Shadow Housing Secretary Thangam Debbonaire raised concerns regarding the plans saying: “What young people need to get on is the secure future that comes with a decent job and genuinely affordable new houses to be built for them to make homes of, not going back to the days of sky-high mortgages.”

The Chancellor warns he is set to ‘level with people about the challenge’ and the damages of the pandemic spending.

He said: “We went big, we went early, but there is more to come and there will be more to come in the Budget. But there is a challenge and I want to level with people about the challenge.”

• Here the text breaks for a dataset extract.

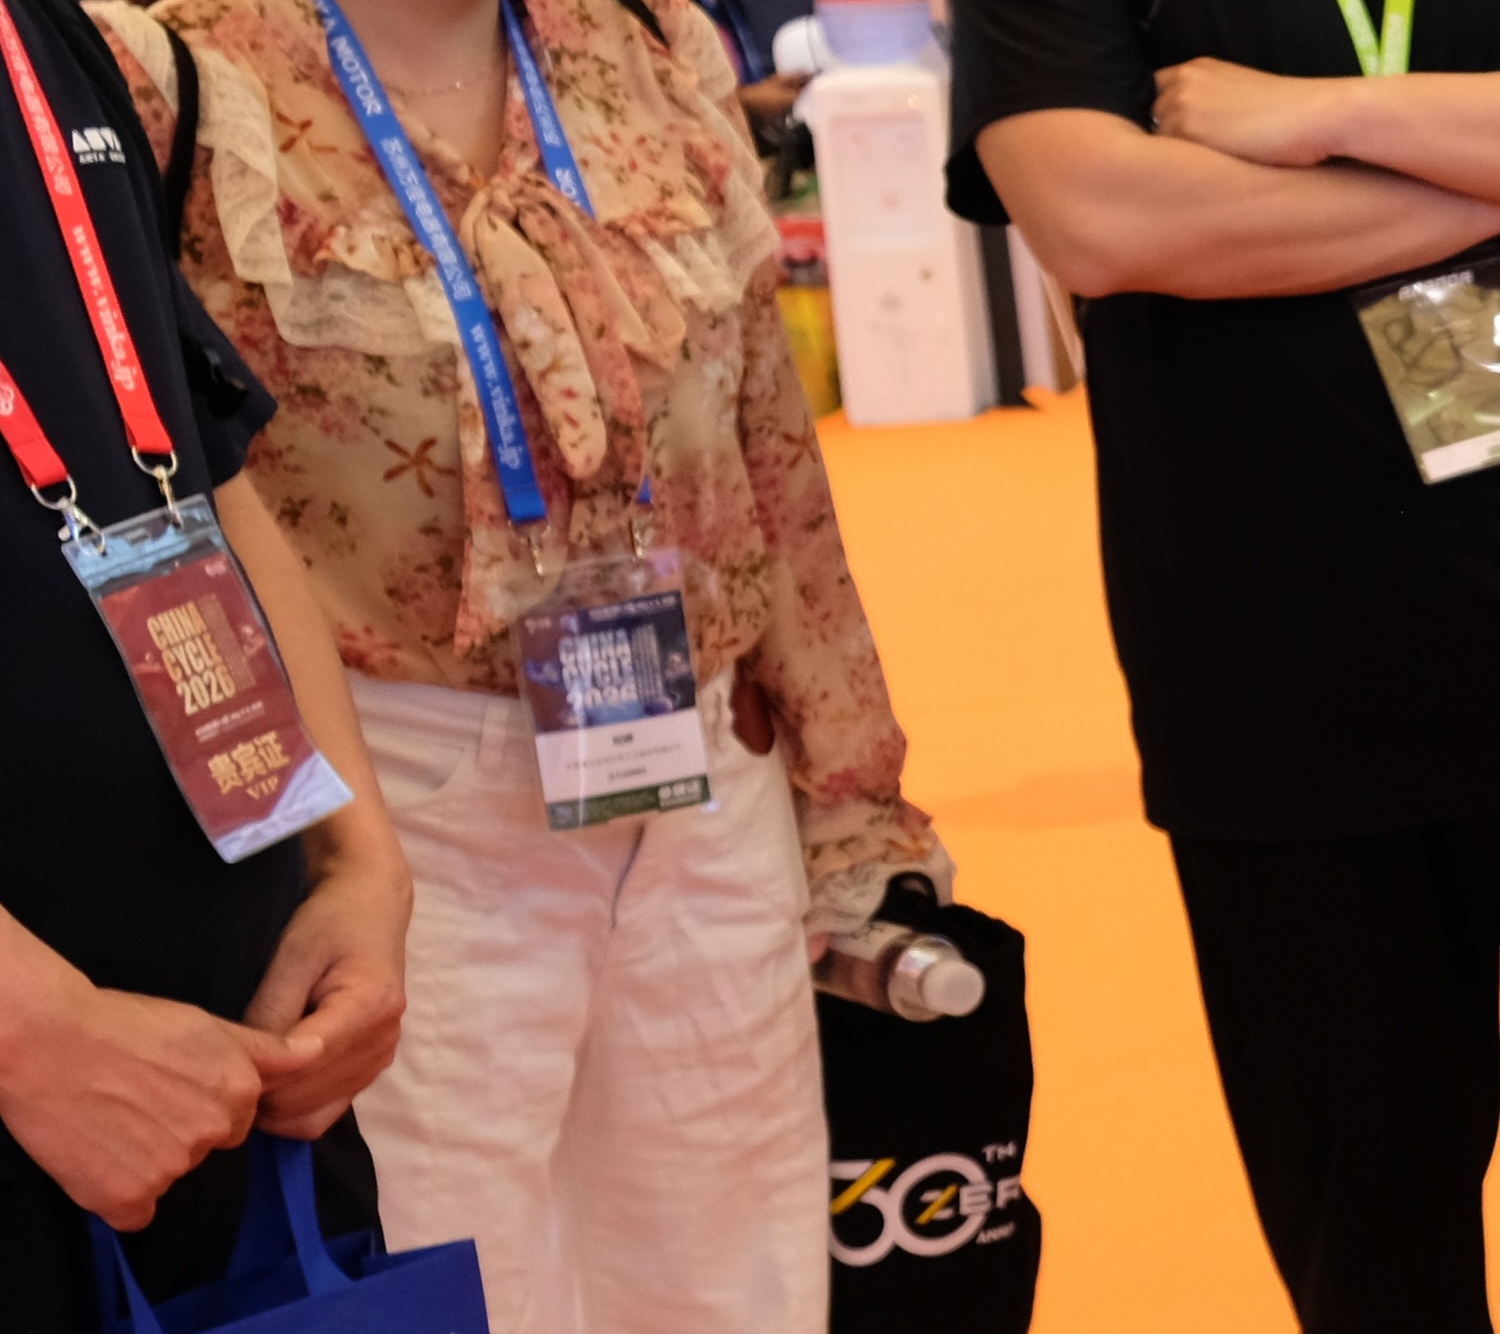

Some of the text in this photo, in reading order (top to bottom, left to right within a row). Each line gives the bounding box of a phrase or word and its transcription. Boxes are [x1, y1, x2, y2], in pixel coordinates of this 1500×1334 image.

The government is reportedly braced for the possibility of rebellion from Tory MPs over tax rises. One member of the Northern Research Group Carlisle MP John Stevenson, suggested the Chancellor should wait until autumn before winding up support packages.

Speaking on BBC’s Radio 4 Today programme he said: “We’re not through the pandemic yet, we’ve still got a few months to go, so we want to see continuing support and we’ll probably have a much better idea of where the economy is come the autumn.

“As soon as we can get back to that levelling-up agenda which we were all elected on in 2019, we believe that in the north we have a major contribution to make to the recovery.”

Bill Boaden/Geograph

However, former Chancellor Lord Ken Clarke said Mr Sunak ‘must look at’ raising such things as VAT, national insurance and income tax. 

Lord Clarke told Today: “Sensible people know in their bones that all this emergency government spending is going to have to be paid for and is going to be a burden on them.

“The manifesto you refer to was written by a couple of apparatchiks in the office halfway through the campaign.”

He said it would be ‘quite sensible’ to look at raising corporation tax with it being at ‘quite unnaturally low levels’.